* Aim of the exercise: The required output is the line containing "this 2352×1568 image." through the final line of the material below, printed exactly, with no other lines.

* Data:
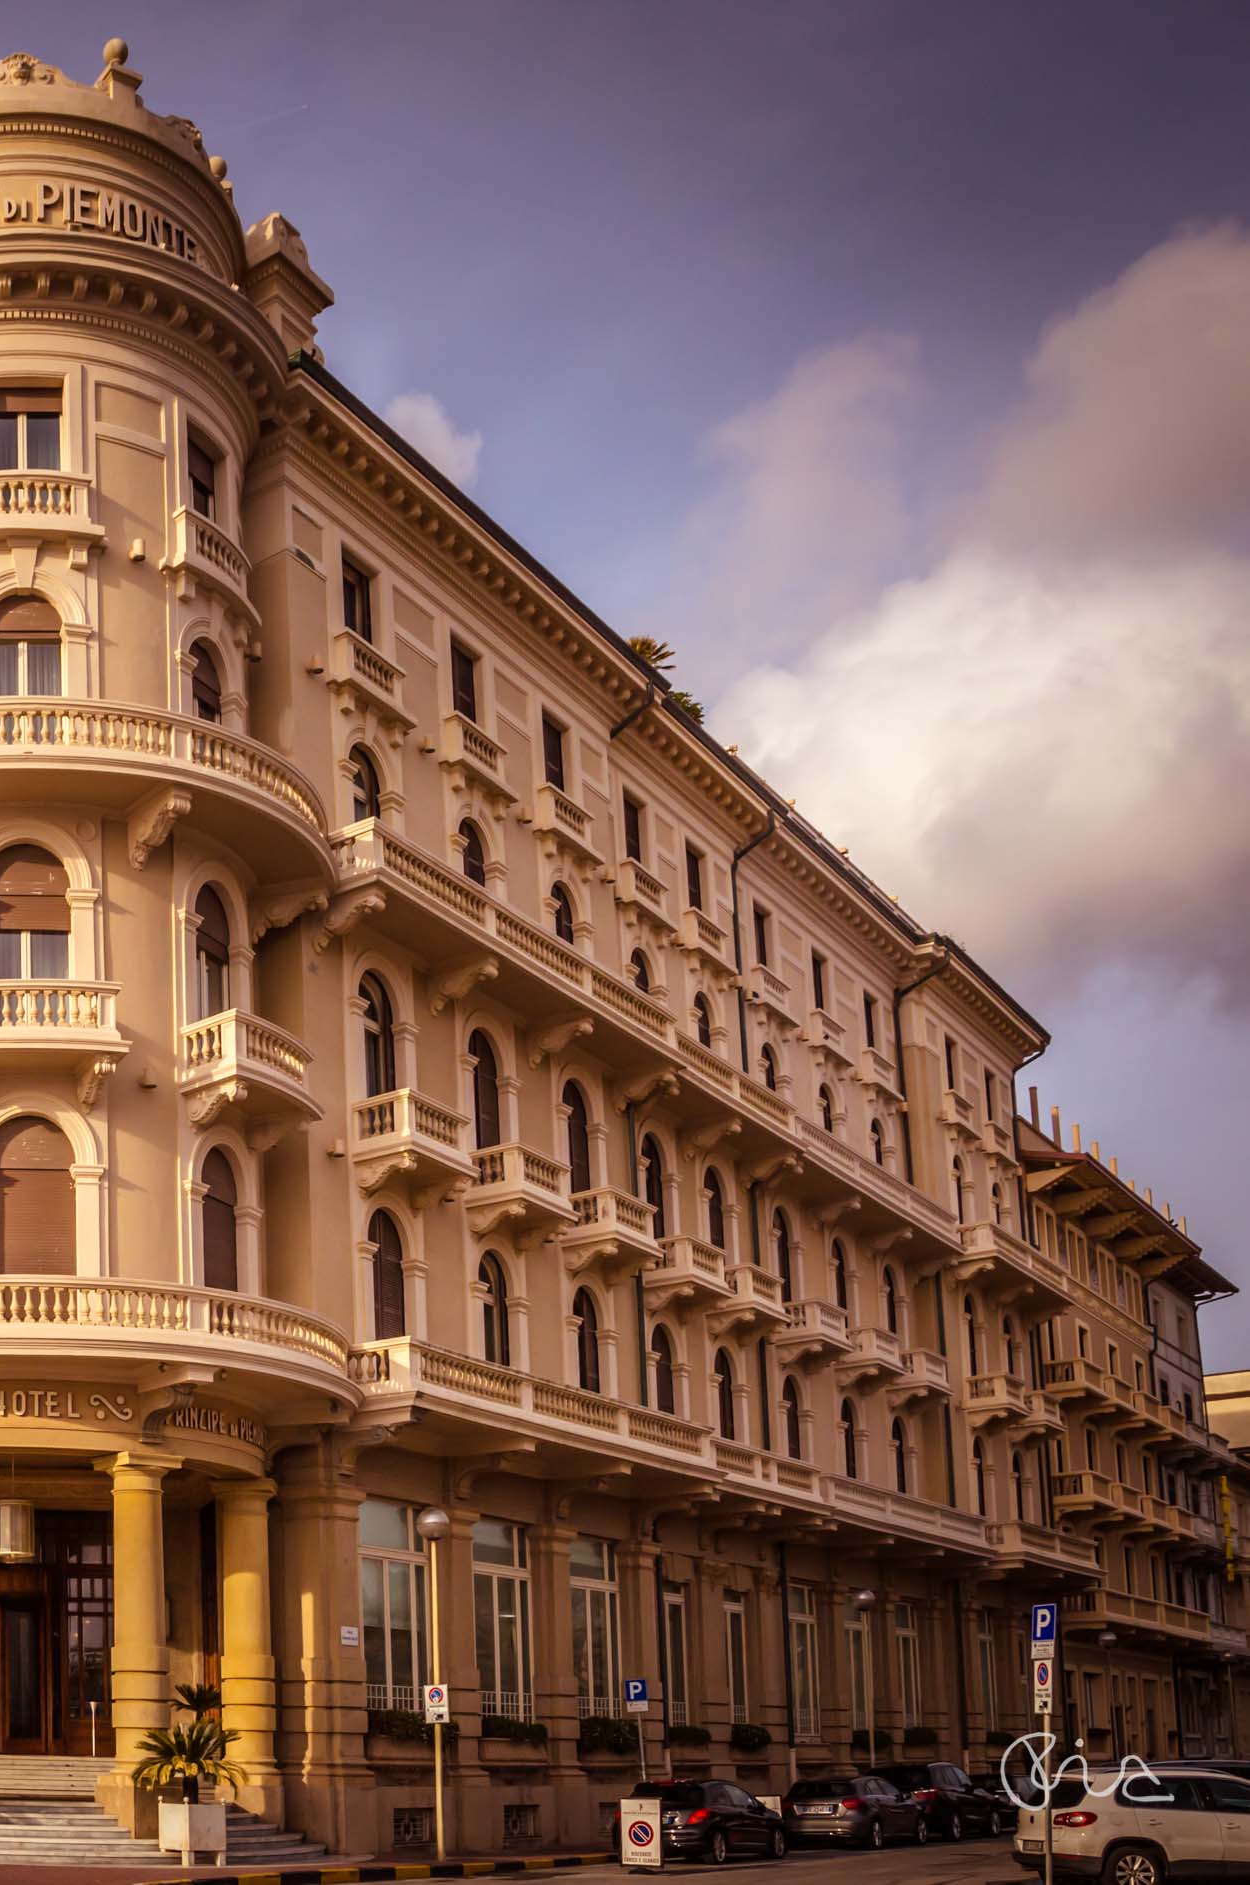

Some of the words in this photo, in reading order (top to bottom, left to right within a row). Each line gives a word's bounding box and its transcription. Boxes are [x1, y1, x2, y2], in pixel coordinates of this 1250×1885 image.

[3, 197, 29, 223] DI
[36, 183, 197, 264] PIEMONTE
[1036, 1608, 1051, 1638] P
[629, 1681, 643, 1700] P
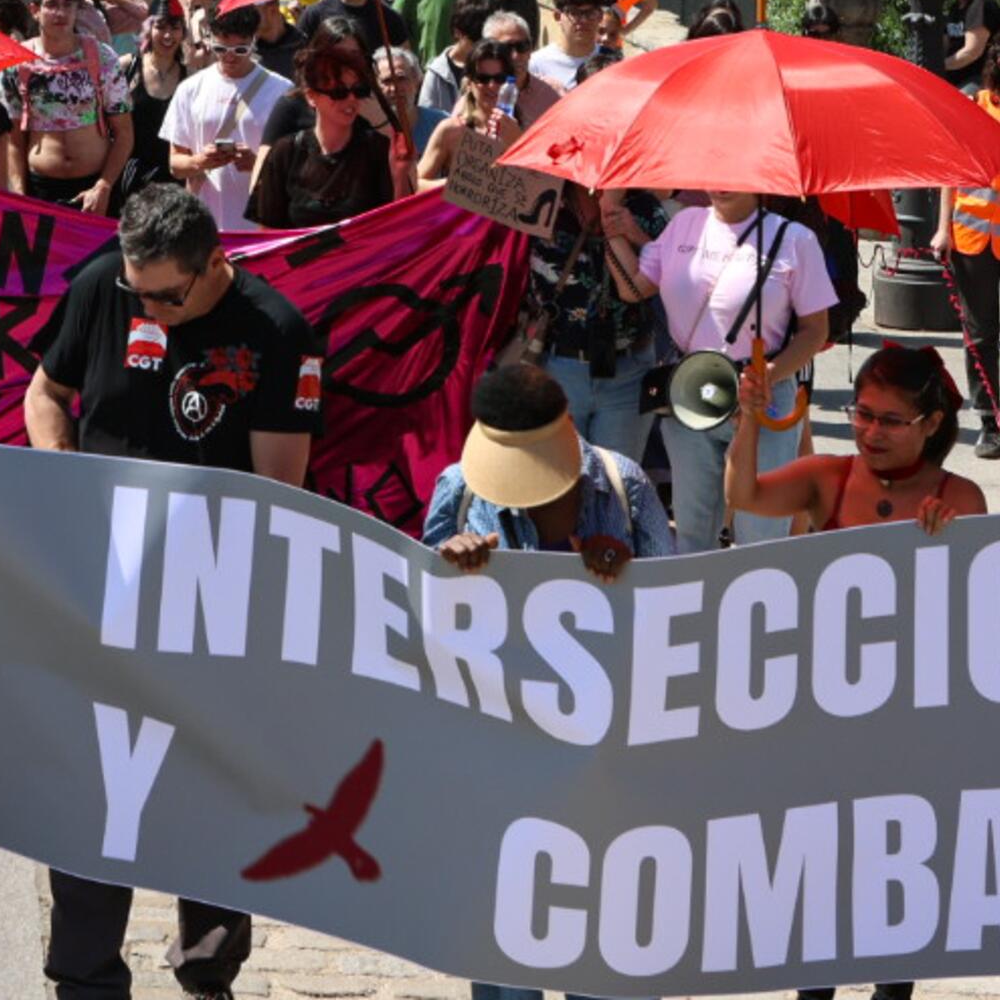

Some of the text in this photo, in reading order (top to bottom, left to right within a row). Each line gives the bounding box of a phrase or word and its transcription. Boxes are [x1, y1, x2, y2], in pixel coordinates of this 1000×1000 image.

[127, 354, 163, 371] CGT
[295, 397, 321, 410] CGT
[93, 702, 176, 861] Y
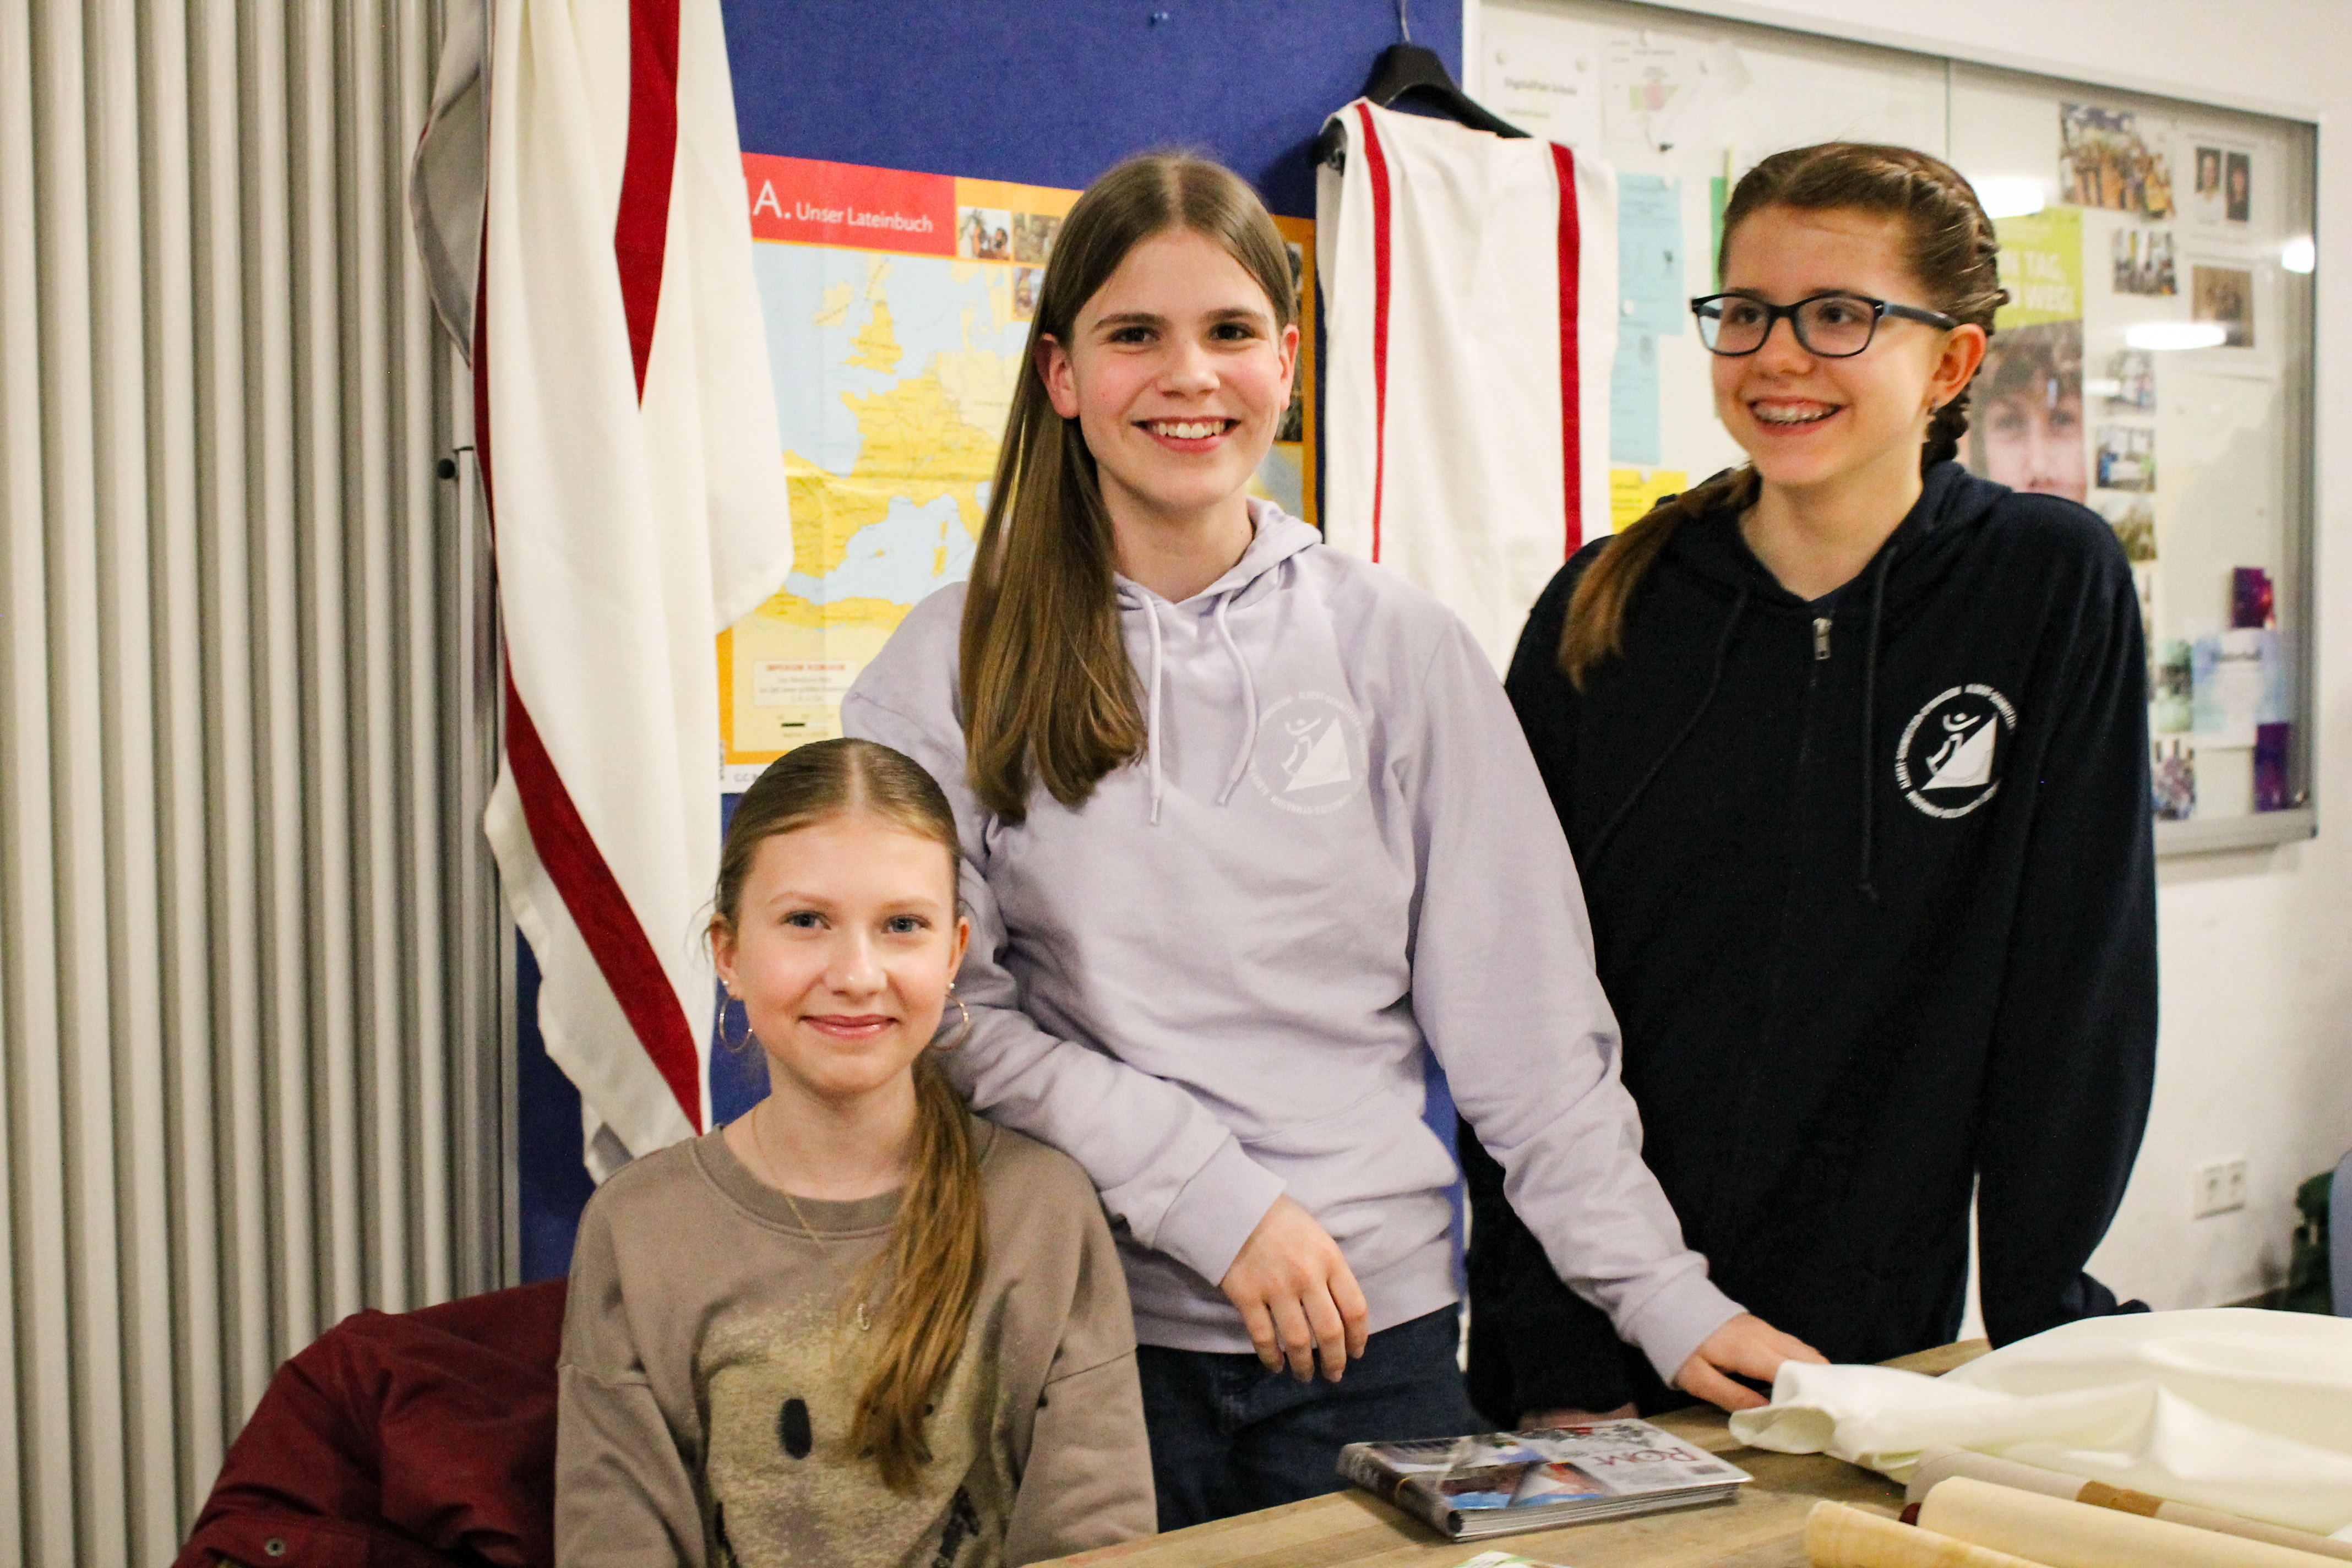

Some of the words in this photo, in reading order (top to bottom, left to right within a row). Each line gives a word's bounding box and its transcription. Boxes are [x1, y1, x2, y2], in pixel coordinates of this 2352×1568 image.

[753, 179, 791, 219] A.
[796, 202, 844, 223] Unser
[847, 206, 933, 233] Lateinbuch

* Exercise response:
Some of the words in this photo, in reading order (top to bottom, left to right within a row). Each line gives a word's bounding box and its transcription. Boxes are [x1, y1, x2, y2], in pixel coordinates of this 2352×1568 image.

[753, 179, 791, 219] A.
[796, 202, 844, 223] Unser
[847, 206, 933, 233] Lateinbuch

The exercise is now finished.